Gary Oldman, un Oscar con vocación reparadora

El premio al actor británico tiene menos sentido como recompensa a su trabajo en 'El instante más oscuro' que como compensación por el largo olvido de la Academia

Nando Salvà

Gary Oldman, un Oscar con vocación reparadora

AP / JORDAN STRAUSS

Que Gary Oldman no volviera anoche a casa con el Oscar al mejor actor bien agarrado era una posibilidad que simplemente no se contemplaba. Tan solo un terremoto o algún otro desastre natural podrían haber evitado su triunfo; o lo ganaba él o no lo ganaba nadie. Ahora bien, una cosa es que fuera algo cantado y otra muy distinta es que fuera algo justo.

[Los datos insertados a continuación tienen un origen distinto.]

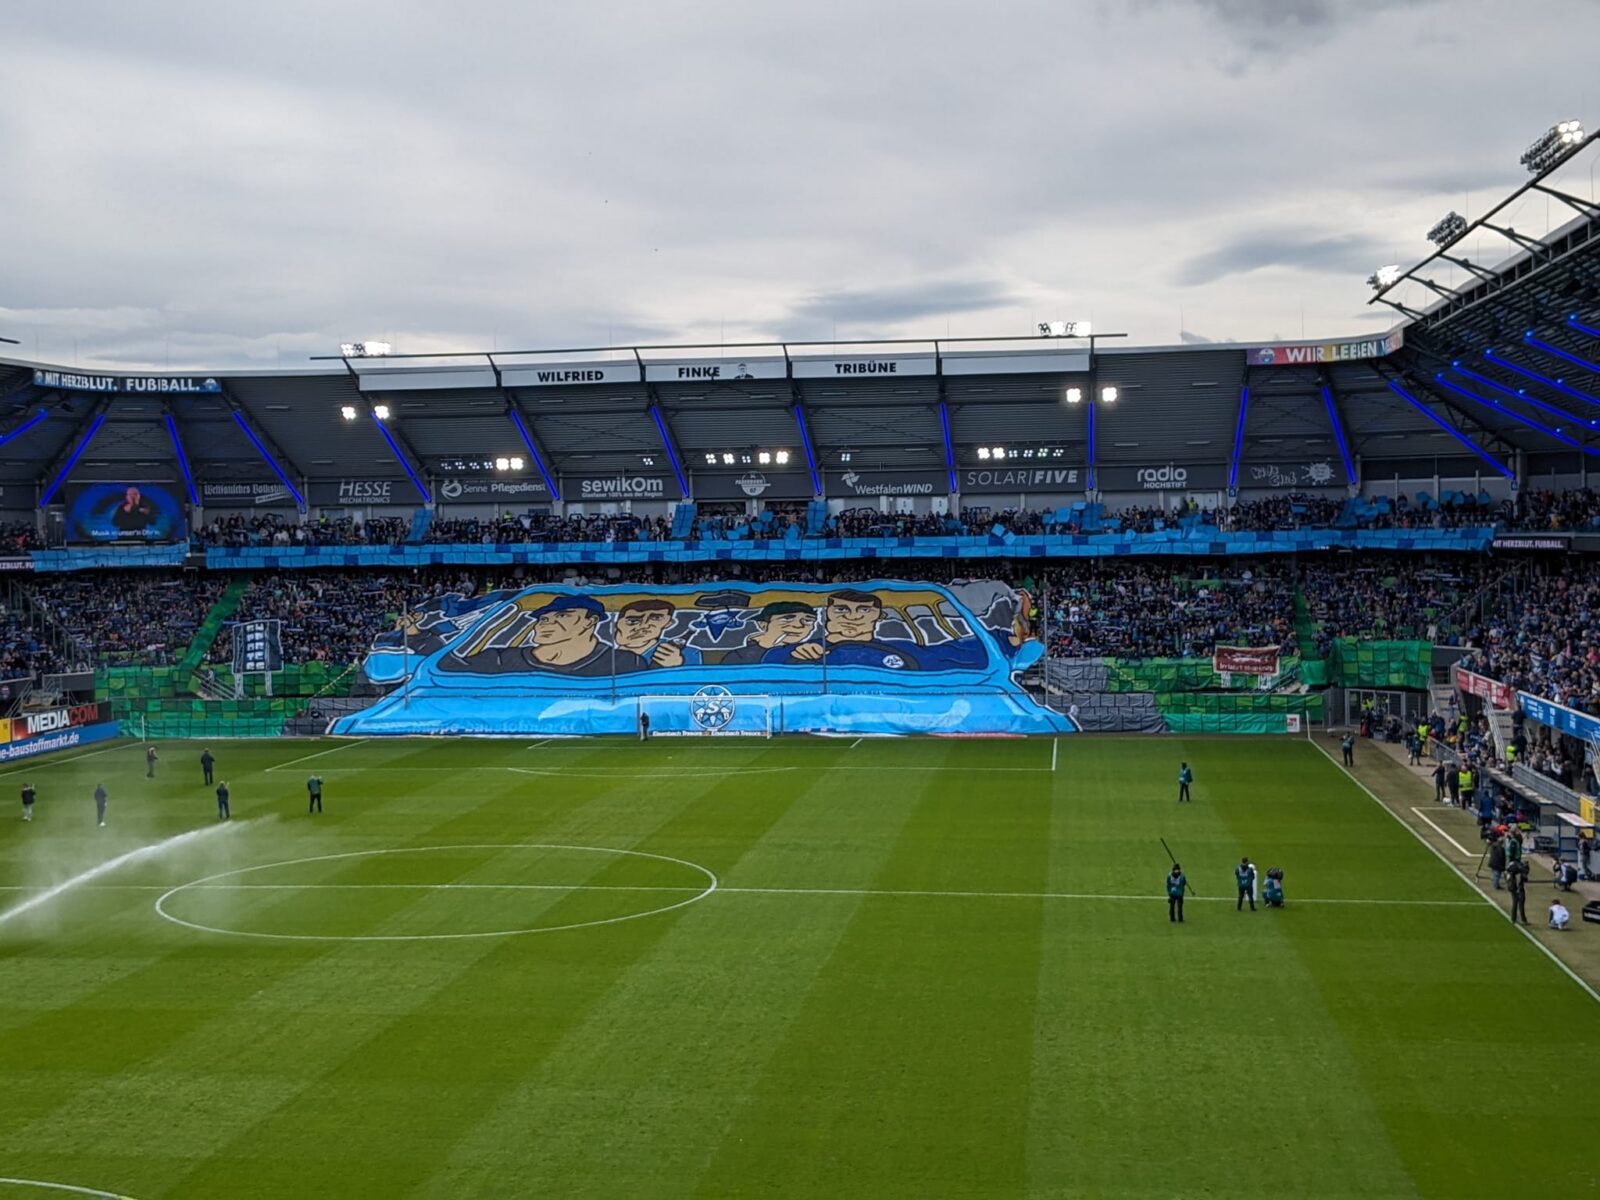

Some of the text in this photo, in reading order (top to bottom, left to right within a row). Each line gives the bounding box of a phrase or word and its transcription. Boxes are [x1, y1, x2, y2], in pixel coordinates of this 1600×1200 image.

[1286, 347, 1324, 362] WIR
[1332, 341, 1377, 360] LEBEN
[678, 366, 720, 378] FINKE
[835, 360, 896, 374] TRIBÜNE
[45, 372, 60, 386] MIT
[62, 374, 118, 391] HERZBLUT.
[538, 370, 604, 382] WILFRIED
[1137, 464, 1187, 482] radio
[339, 480, 392, 496] HESSE
[463, 484, 488, 492] Senne
[28, 704, 98, 734] MEDIACOM
[0, 732, 80, 759] e-baustoffmarkt.de

El británico, vaya por delante, es un actor magnífico. Ya hace tiempo que debería tener la estatuilla en su vitrina gracias a alguna de las varias interpretaciones magníficas que ha dado a lo largo de un periodo de tres décadas que se inició con su debut en 'Sid y Nancy' (1986), y durante el que, además de acaparar buena parte de la oferta de personajes maníacos -skinheads, punks, proxenetas, secuestradores, científicos locos, vampiros, asesinos, terroristas, policías psicópatas, magos-, ya estuvo nominado una vez –sí, una única vez— por el que posiblemente sea el mejor trabajo de su carrera.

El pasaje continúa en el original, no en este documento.